Zapewne nie, bo sam zawsze szerzej spogląda na obraz i wymaga nie tylko od siebie, ale też od osób, które go otaczają. Biało-Czerwoni grają źle, zespół zawodzi mecz po meczu, a czas ucieka i mundial już za dwa miesiące. Coraz bardziej rozjeżdżają się nam stanowiska selekcjonera i części piłkarzy, a jeśli w niedzielę nie wygramy z Walią, Czesław Michniewicz straci szatnię i czekają go bardzo ciężkie tygodnie. Czy da sobie radę? Nie wiadomo.

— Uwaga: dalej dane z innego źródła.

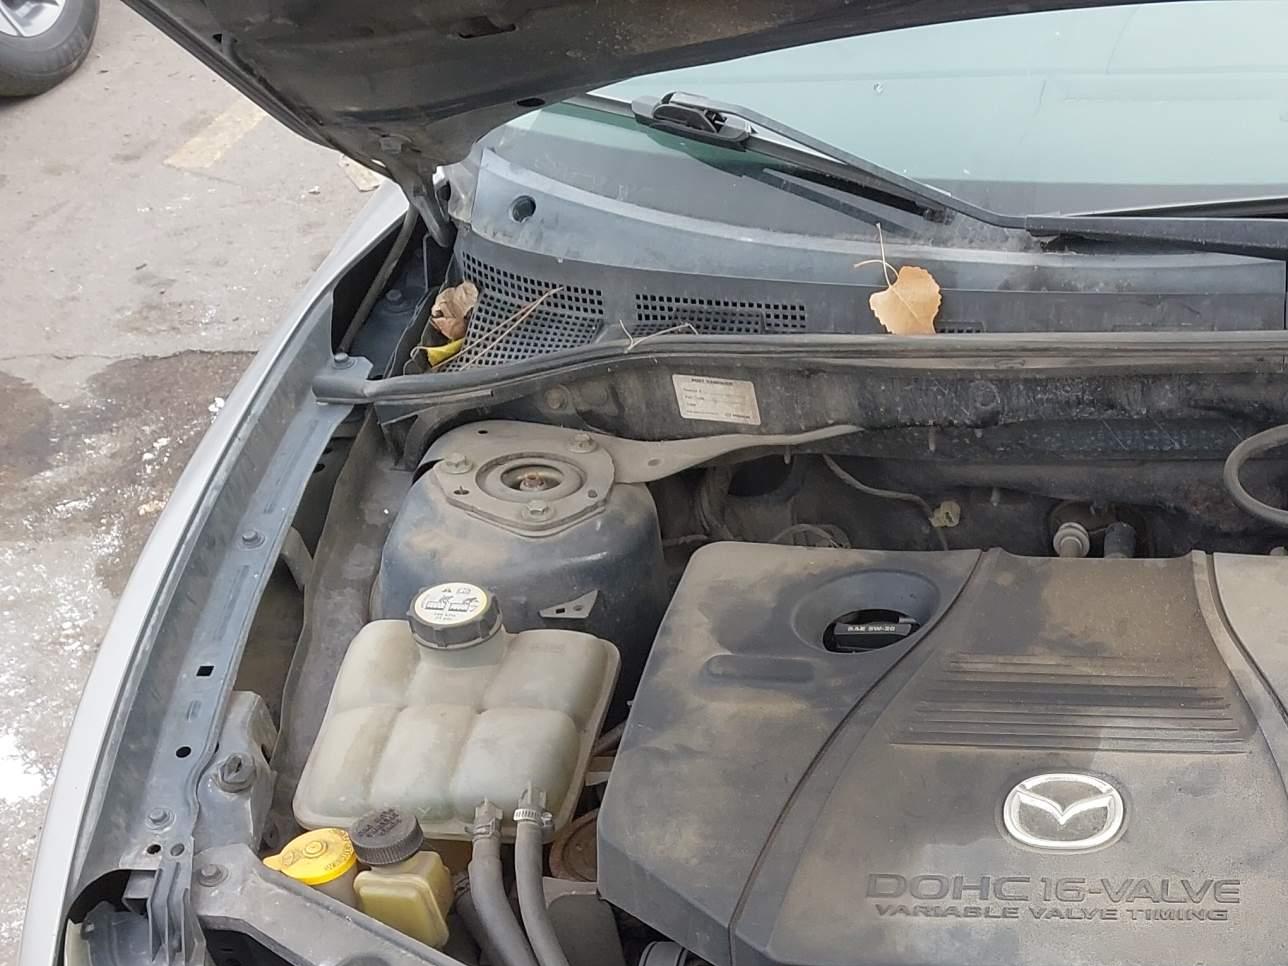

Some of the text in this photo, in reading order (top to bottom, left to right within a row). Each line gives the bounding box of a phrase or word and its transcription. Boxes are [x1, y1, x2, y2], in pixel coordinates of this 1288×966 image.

[866, 873, 1241, 904] DOHC 16-VALVE
[875, 904, 1229, 921] VARIABLE VALVE TIMING

Na razie musi wymyślić, jak pomóc Robertowi Lewandowskiemu, który za kadencji nielubianego przez nas Paulo Sousy grał w drużynie narodowej dużo lepiej i trafiał raz za razem. W 2021 roku strzelił 11 bramek dla Biało-Czerwonych w 12 meczach oraz miał cztery asysty, w tym te niezwykle ważne z Hiszpanią (1:1), Szwecją (2:3) czy Albanią (4:1). A teraz? W klubie potwierdza, że jest w świetnej formie. W kadrze nie ma wsparcia, o czym głośno mówi.

I choć za czasów Portugalczyka nasz zespół miał dziurawą obronę, to chociaż w ofensywie korzystał ze swojego potencjału. Wyniki? Nie były gorsze niż obecnie, a teraz nie mamy radości ani z wyników meczów, ani z tego, jak gra nasz zespół. Obrona nadal jest dziurawa, za to w ofensywie rywale potrafią nas zdominować bez trudu. Pokazali to Belgowie i Holendrzy, czy możemy liczyć, że nie uda się Meksykowi czy Argentynie w trakcie MŚ? Wątpliwe.

Więc z jednej strony nasz kapitan po ludzku może mieć dość. Braku pomysłu Czesława Michniewicza na ten zespół. Taktyki, która z pewnością mu nie odpowiada. Braku wsparcia i pozycji, na jaką w tej drużynie zasługuje. Błędów i ciągłych problemów na boisku, co nie zmienia się w zasadzie od lat. Milczał wymownie, gdy ważyły się losy Jerzego Brzęczka. Milczał, gdy oszukał nas Paulo Sousa. Czy wkrótce znów zamilknie zapytany o selekcjonera?

Nie zdziwiłbym się, bo PZPN kolejny raz zmarnował czas i zatrudnił w reprezentacji Polski fachowca wątpliwej klasy. Zrobił to Grzegorz Lato dekadę temu, zatrudniając Franciszka Smudę, a potem Waldemara Fornalika. Zrobił to Zbigniew Boniek, zatrudniając Jerzego Brzęczka, a potem Paulo Sousę. Teraz tak wygląda sytuacja z obecnym selekcjonerem. Udało się z Adamem Nawałką, ale to był jednorazowy wyskok naszych działaczy.

Czy nasza federacja nie jest w stanie zatrudnić trenera klasy światowej, by ten wykorzystał potencjał "Lewego" i raz w ciągu całej pięknej kariery pomógł mu zagrać w drużynie, która będzie poukładana i będzie funkcjonować na światowym poziomie? Wydaje się, że prezesi nie mają na to albo pomysłu, albo odwagi, albo obu razem wziętych. A szkoda, bo czas leci, a nasz kapitan ma 34 lata. I wiecznie grać nie będzie.

Gdy nadejdzie ten dzień i zawiesi buty na kołku, zaboli nas to bardzo. Ale póki co trzeba walczyć i pokonać Walię. Komu jak komu, ale Robertowi Lewandowskiemu możemy zaufać. "Robert, bierz zespół i do boju!" - apeluje Zbigniew Boniek i my się do słów byłego prezesa przyłączamy. Na rozliczenia i milczenie przed kamerami przyjdzie czas, a na razie wciąż jest wiele do wygrania w tym roku. Prawda?